Germany. Fraunhofer has taken a big step towards the development of highly efficient, compressor-free solid-state heat pumps.
With the recent completion of the ElKaWe research project, researchers have made significant advances in the design of materials and systems, establishing the first electrocaloric demonstrators to show the enormous potential of this technology.
The global demand for refrigeration and air conditioning systems is growing rapidly. Currently, most heat pumps are powered by compressors and are used for both heating and cooling. While they can play a key role in the energy transition when powered by electricity from renewable sources, the use of chemical refrigerants remains an environmental challenge.
With the ElKaWe (Electrocaloric Heat Pump) project, six Fraunhofer institutes have developed an innovative concept: solid-state heat pumps based on electrocaloric materials. These systems eliminate the need for harmful refrigerants and also have the potential to be more efficient than compressor-based systems.
"ElKaWe has generated a breakthrough in terms of materials, electronic components and heat transfer. Although there is still a long way to go, these advances are promising steps towards commercialization," explained Dr. Kilian Bartholomé, project manager at Fraunhofer IPM.
Electrocaloric materials: advances in polymers, ceramics and hybrid materials
The electrocaloric material is key to the development of efficient and durable heat pumps. During the project, the consortium investigated several options:
- A team from the Fraunhofer IAP designed ultra-thin electrocaloric polymer films with high dielectric strength, capable of forming components of up to ten layers, setting new international standards.
- Fraunhofer IKTS developed multilayer ceramic components based on PMN-PT (magnesium lead niobate/lead titanate), which meet the stringent requirements for dielectric strength and operating frequency.
- Long-term tests demonstrated the high stability of these materials: after 70 million cycles, no changes in their electrocaloric effect were detected.
- A promising ceramic material, barium-strontium-tin titanate (BSSnT), was identified as lead-free and RoHS compliant.
Efficient heat transfer without harmful refrigerants
One of the main challenges of electrocaloric heat pumps has been the rapid dissipation of heat. To improve the efficiency of the system, the Fraunhofer team used active elastocaloric heat pipes (AEH).
This innovative technology allows the transfer of latent heat through the evaporation and condensation of a fluid on the heat material. Unlike conventional heat pumps, which require chemical refrigerants, ethanol and water were used in this case, more ecological and sustainable solutions.
As part of the ElKaWe project, the Fraunhofer IPM integrated its patented HAE design into an electrocaloric system for the first time.

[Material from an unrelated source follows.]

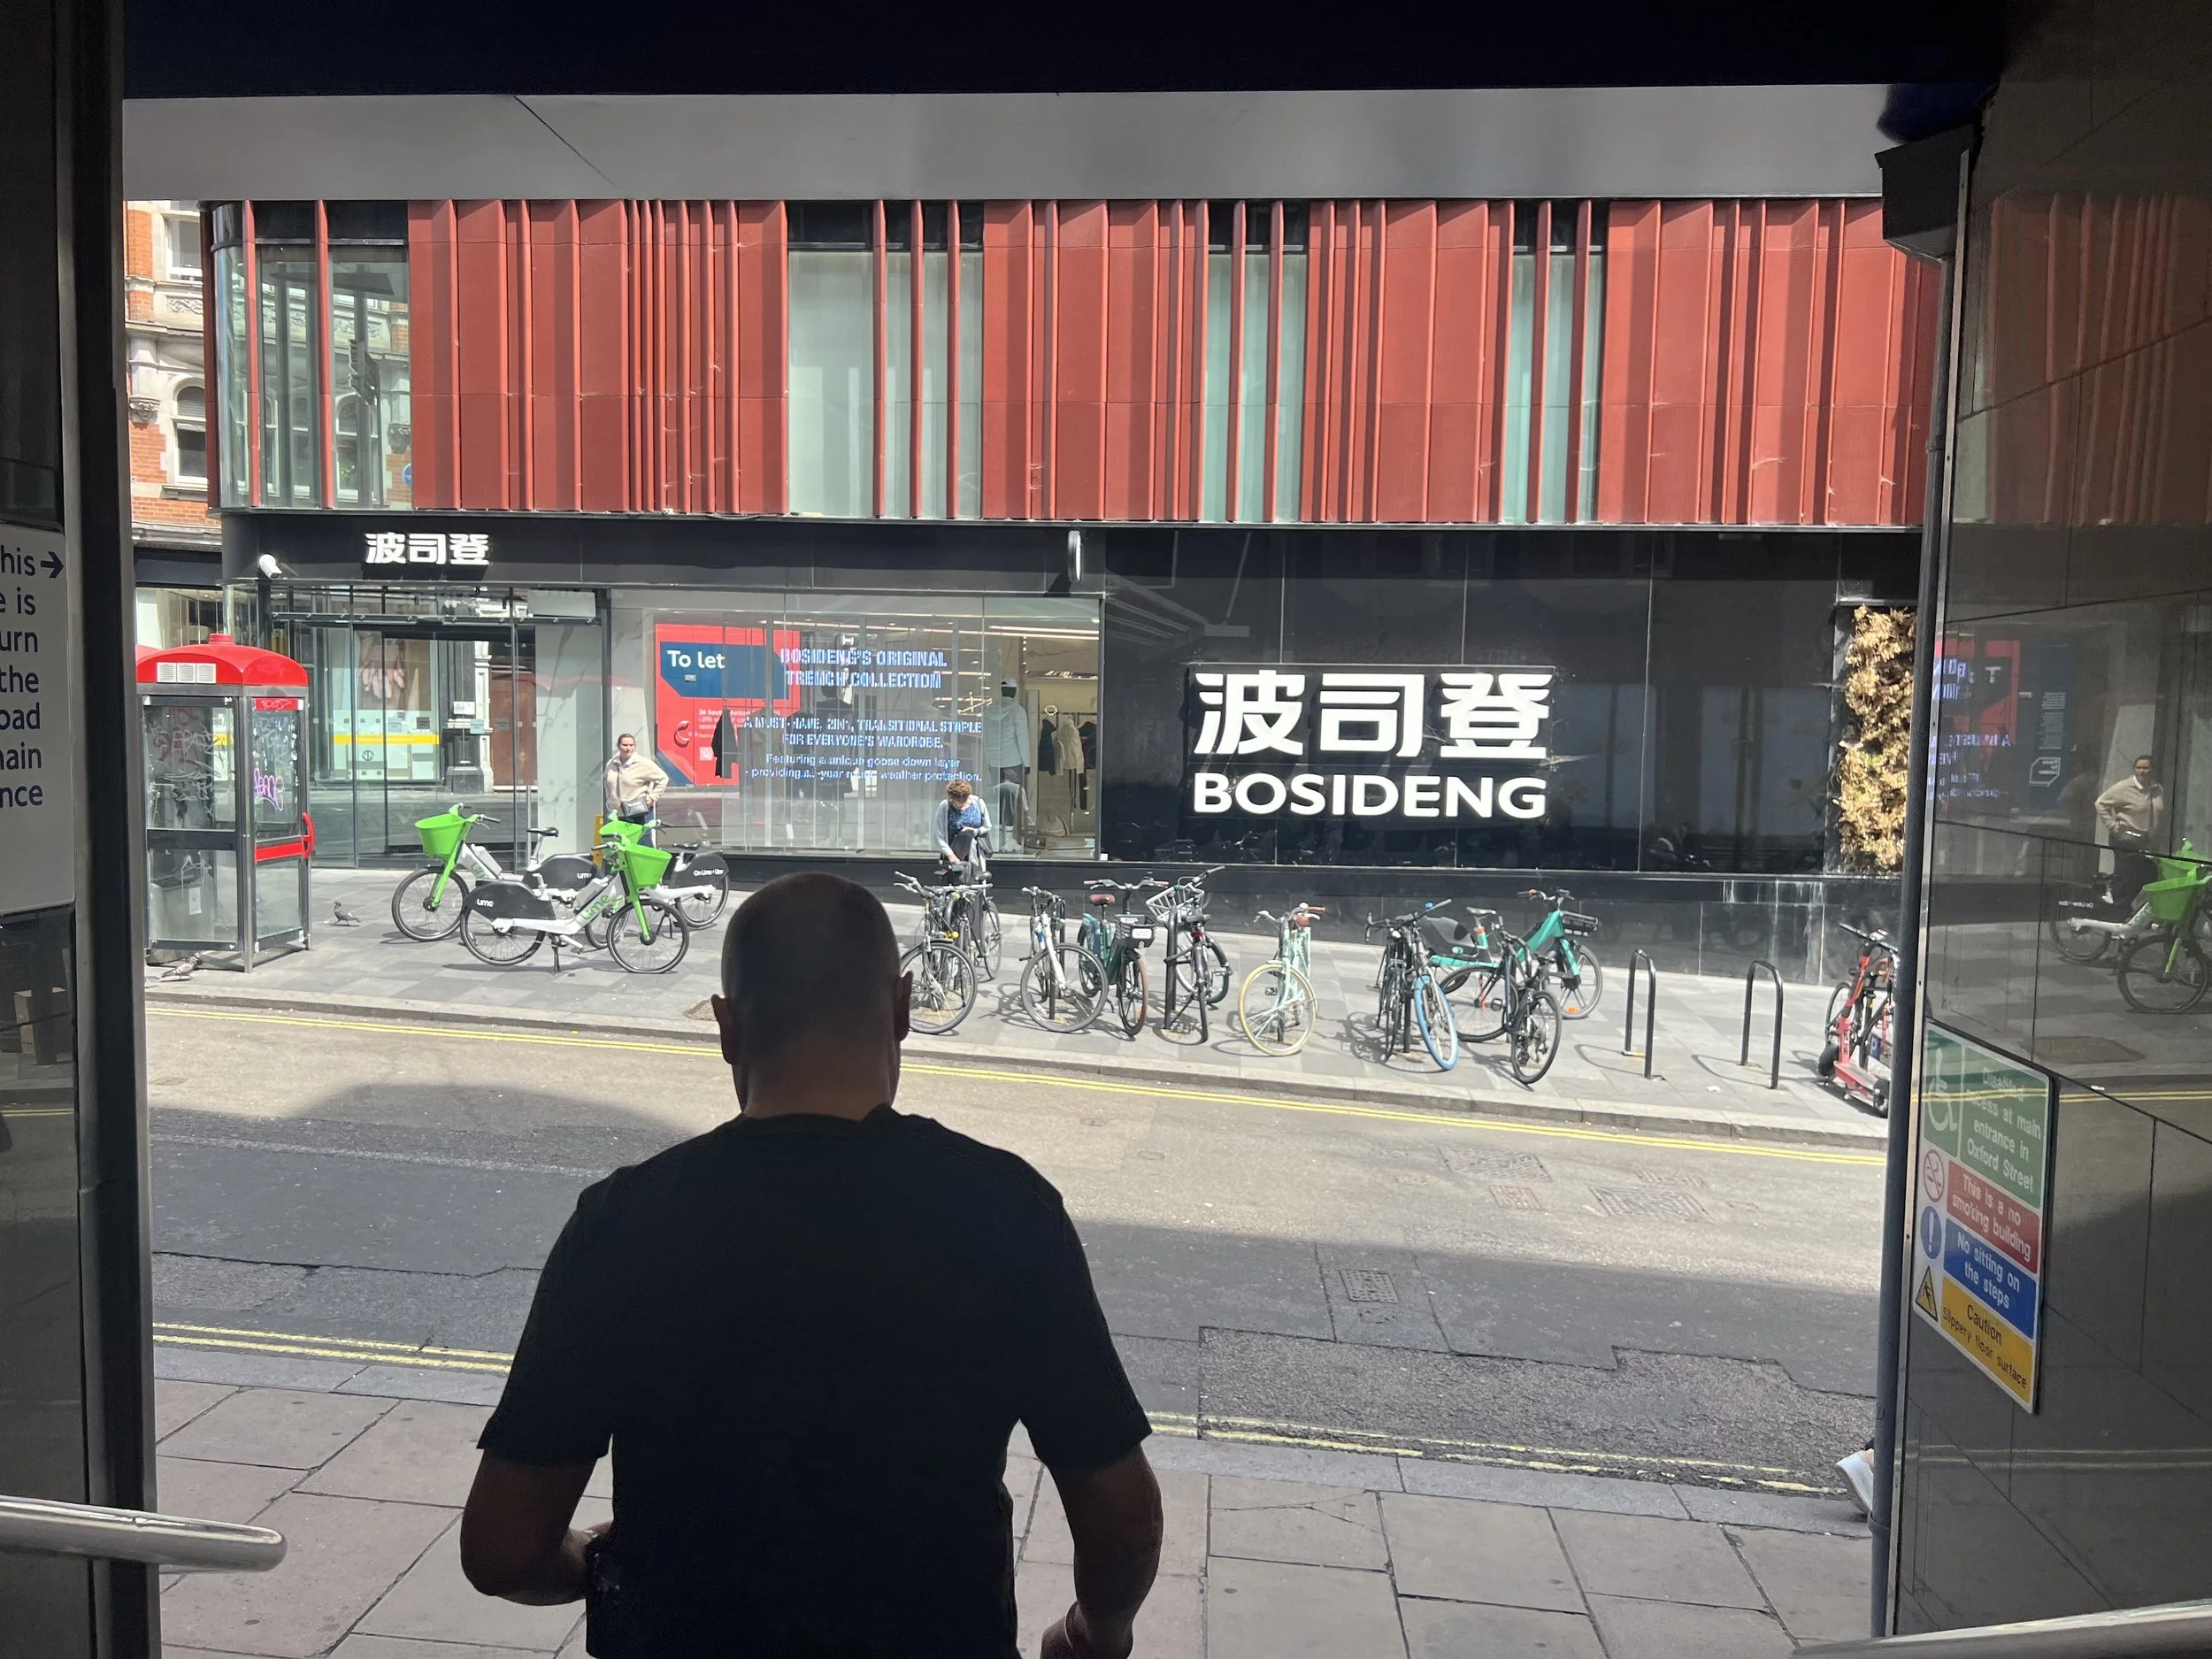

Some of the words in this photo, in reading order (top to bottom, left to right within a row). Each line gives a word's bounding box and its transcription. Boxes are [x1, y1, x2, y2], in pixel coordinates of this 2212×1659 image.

This approach allows the fluid to evaporate and condense up to ten times per second, dramatically increasing the heat transfer efficiency.
The Fraunhofer FEP developed super hydrophilic layers that optimize evaporation and ensure stable long-term performance.
To prevent electric shock, the Fraunhofer LBF designed an electrode embedding system in epoxy resin inside the electrocaloric segments.
Advanced electrical control for greater efficiency
The performance of electrocaloric heat pumps also depends on their electrical control system. During the ElKaWe project, researchers from the Fraunhofer IAF designed a specific circuit for this type of heat pump.
The DC/DC multi-level GaN converter, developed within the project, achieved an electrical efficiency of 99.74%, setting a new global record for conversion efficiency, which was previously below 90%.
A technology with disruptive potential
The researchers developed and tested three demonstrator systems with up to four electrocaloric segments each. Testing confirmed that all components work together and achieve the expected performance.
Simulations indicate that the efficiency of these heat pumps, with current materials, is already comparable to that of compressor systems. In addition, the analysis of different types of materials suggests a high potential for improvement in the coefficient of performance.
"The interdisciplinary team worked exceptionally, solving key issues. The great potential of electrocaloric technology has been clearly demonstrated," said Christian Vogel, a member of the project's advisory committee.
ElKaWe marks an important step towards a new generation of compressor-free, more efficient and environmentally friendly heat pumps.